POP-PC of Moran et al

  • POP-PPC = 0.35

Modeling Over-Dispersion

  • Original Model \(Y_i \mid \theta \sim \textsf{Poisson}(\theta)\)

  • cause of overdispersion is variation in the rate \[ Y_i \mid \theta_i \sim \textsf{Poisson}(\theta_i)\]

  • model variation via prior \[\theta_i \sim \pi_\theta()\]

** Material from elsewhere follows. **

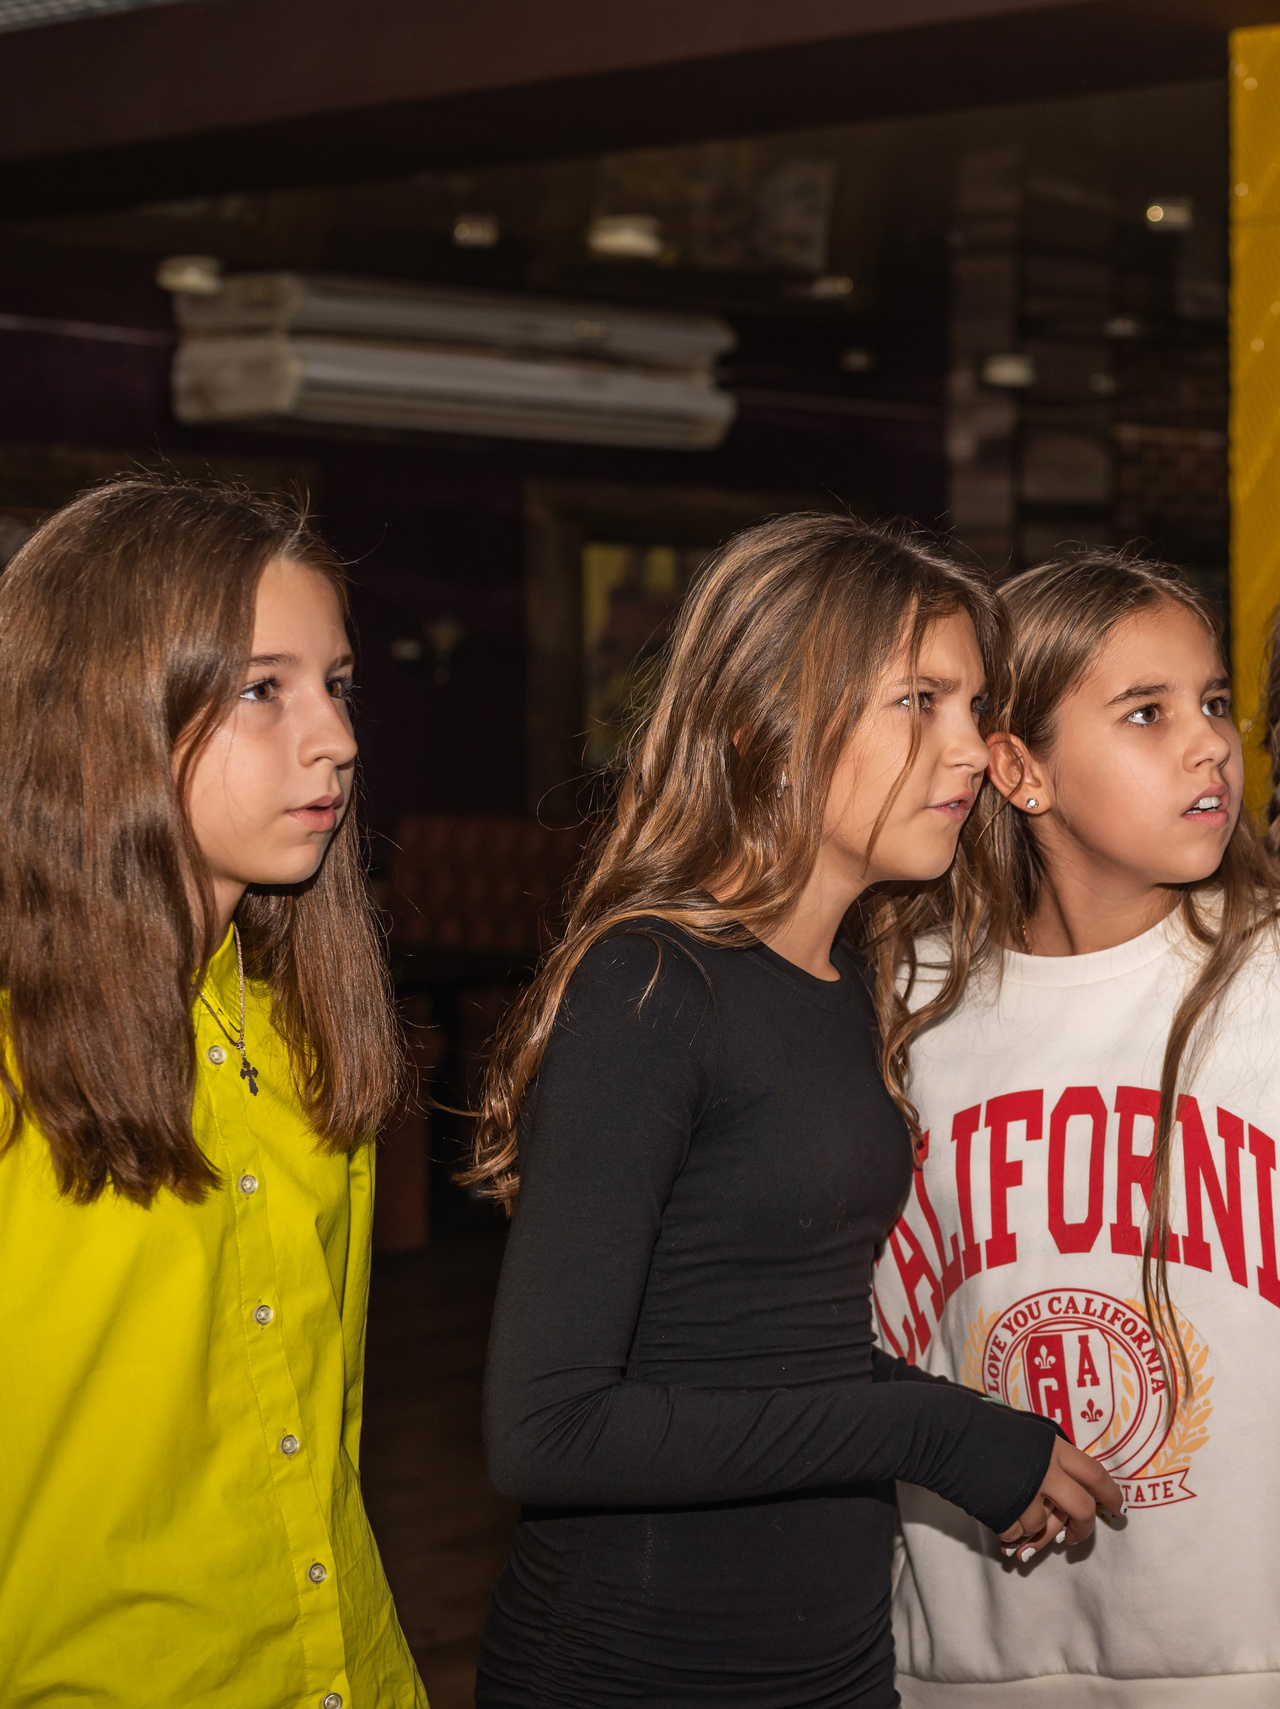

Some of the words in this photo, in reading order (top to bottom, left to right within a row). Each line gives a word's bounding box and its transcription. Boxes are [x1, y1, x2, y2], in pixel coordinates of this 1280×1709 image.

[986, 1334, 1007, 1395] LOVE
[1001, 1300, 1042, 1337] YOU
[1047, 1295, 1166, 1395] CALIFORNIA
[1117, 1480, 1174, 1502] TATE

  • \(\pi_\theta()\) characterizes variation in the rate parameter across inviduals

  • Simple Two Stage Hierarchical Model

Modeling Perspectives

  1. start with a simple model
  • ask if there are surprises through Posterior Checks
  • need calibrated diagnostic(s) with good power
  • need these to work even if starting model is relatively complex
  • other informal diagnostics (residuals)
  • remodel if needed based on departures
  • Bayesian meaning?
  1. start with a fairly complex model or models
  • shrinkage to prevent overfitting
  • formal tests for simplifying models
  • methods to combine multiple models to express uncertaity
  • properties

Example

\[\theta_i \sim \textsf{Gamma}(\phi \mu, \phi)\]

  • Find pmf for \(Y_i \mid \mu, \phi\)

  • Find \(\textsf{E}[Y_i \mid \mu, \phi]\) and \(\textsf{Var}[Y_i \mid \mu, \phi]\)

  • Homework: \[\theta_i \sim \textsf{Gamma}(\phi, \phi/\mu)\]

  • Can either of these model zero-inflation?